Segoe UI Font

running the tool gives this:

System look and feel: com.apple.laf.AquaLookAndFeel
Current look and feel: [Aqua Look and Feel for Mac OS X - com.apple.laf.AquaLookAndFeel]
LookAndFeel set to system
MenuItem.font: com.apple.laf.AquaFonts$DerivedUIResourceFont[family=Lucida Grande,name=Lucida Grande,style=plain,size=14]
Menu.font: com.apple.laf.AquaFonts$DerivedUIResourceFont[family=Lucida Grande,name=Lucida Grande,style=plain,size=14]
RadioButtonMenuItem.font: com.apple.laf.AquaFonts$DerivedUIResourceFont[family=Lucida Grande,name=Lucida Grande,style=plain,size=14]
CheckBoxMenuItem.font: com.apple.laf.AquaFonts$DerivedUIResourceFont[family=Lucida Grande,name=Lucida Grande,style=plain,size=14]
ComboBox.font: com.apple.laf.AquaFonts$DerivedUIResourceFont[family=Lucida Grande,name=Lucida Grande,style=plain,size=13]
RadioButton.font: com.apple.laf.AquaFonts$DerivedUIResourceFont[family=Lucida Grande,name=Lucida Grande,style=plain,size=13]
CheckBox.font: com.apple.laf.AquaFonts$DerivedUIResourceFont[family=Lucida Grande,name=Lucida Grande,style=plain,size=13]
Button.font: com.apple.laf.AquaFonts$DerivedUIResourceFont[family=Lucida Grande,name=Lucida Grande,style=plain,size=13]
Label.font: com.apple.laf.AquaFonts$DerivedUIResourceFont[family=Lucida Grande,name=Lucida Grande,style=plain,size=13]
TabbedPane.font: com.apple.laf.AquaFonts$DerivedUIResourceFont[family=Lucida Grande,name=Lucida Grande,style=plain,size=13]
Panel.font: com.apple.laf.AquaFonts$DerivedUIResourceFont[family=Lucida Grande,name=Lucida Grande,style=plain,size=13]
TitledBorder.font: com.apple.laf.AquaFonts$DerivedUIResourceFont[family=Lucida Grande,name=Lucida Grande,style=plain,size=13]
List.font: com.apple.laf.AquaFonts$DerivedUIResourceFont[family=Lucida Grande,name=Lucida Grande,style=plain,size=12]
Table.font: com.apple.laf.AquaFonts$DerivedUIResourceFont[family=Lucida Grande,name=Lucida Grande,style=plain,size=12]
TableHeader.font: com.apple.laf.AquaFonts$DerivedUIResourceFont[family=Lucida Grande,name=Lucida Grande,style=plain,size=11]
Tree.font: com.apple.laf.AquaFonts$DerivedUIResourceFont[family=Lucida Grande,name=Lucida Grande,style=plain,size=12]
TextArea.font: com.apple.laf.AquaFonts$DerivedUIResourceFont[family=Lucida Grande,name=Lucida Grande,style=plain,size=13]
PasswordField.font: com.apple.laf.AquaFonts$DerivedUIResourceFont[family=Lucida Grande,name=Lucida Grande,style=plain,size=13]
TextField.font: com.apple.laf.AquaFonts$DerivedUIResourceFont[family=Lucida Grande,name=Lucida Grande,style=plain,size=13]
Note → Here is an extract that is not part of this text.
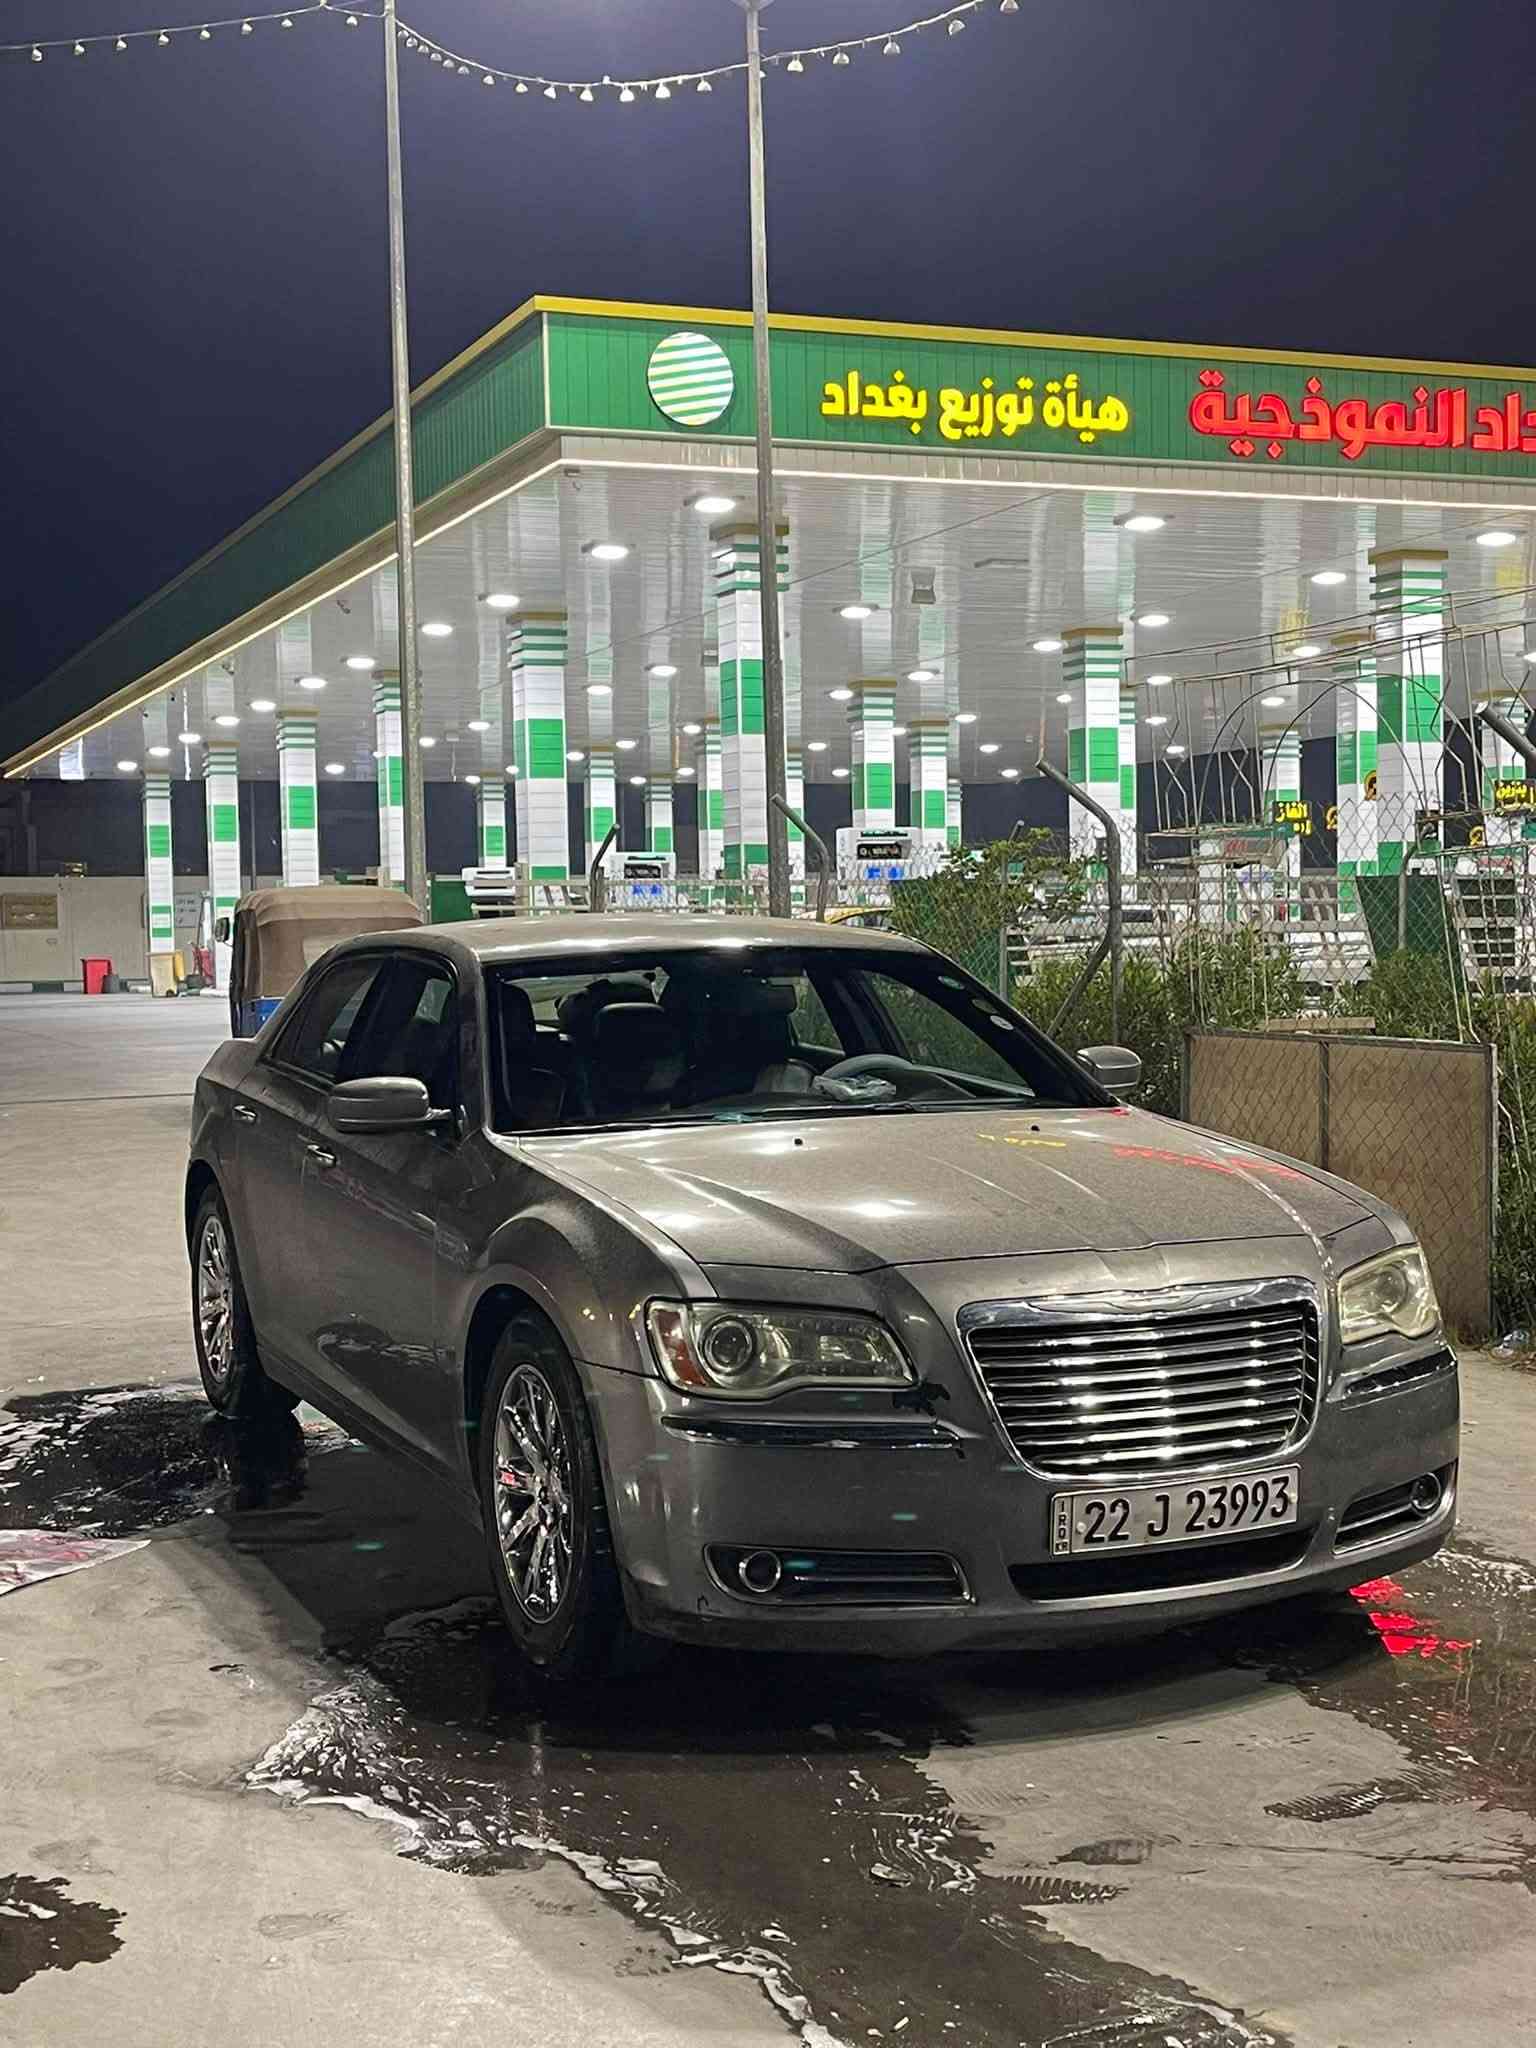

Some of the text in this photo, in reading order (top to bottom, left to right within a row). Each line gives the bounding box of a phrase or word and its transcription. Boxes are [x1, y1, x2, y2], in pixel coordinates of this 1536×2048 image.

Johan, I believe your point, why this is changed, (although we could discuss, if this should happened in a minor release, but oke…)
but the problem is, that it is MUCH reflecting our solution L&F

So giving us a property where we can set this, makes us all happy! :)

yes that gives me the result that i thought, Apple has by default bigger fonts and especially for the menu items…
And i just looked a bit closer, and the change for the mac is that we don’t do anything, by default the apple look and feel defines the fonts (so what you see in your output there is what by default the mac uses)
So the question is what should i do for the mac by default? I can change it that we take the Table.font (so point 12) and set that one for everything
What is the best point size for that Lucida Grande font that looks quite nice on the mac, and is not that alien on the mac? (so it does still blend in quite nicely?)
I see a couple of options Menu.font is 14 which is to big, Label.font is 13, Table.font is 12 and then we also have TableHeader.font which is 11 (which i think is to small to set as default for everything)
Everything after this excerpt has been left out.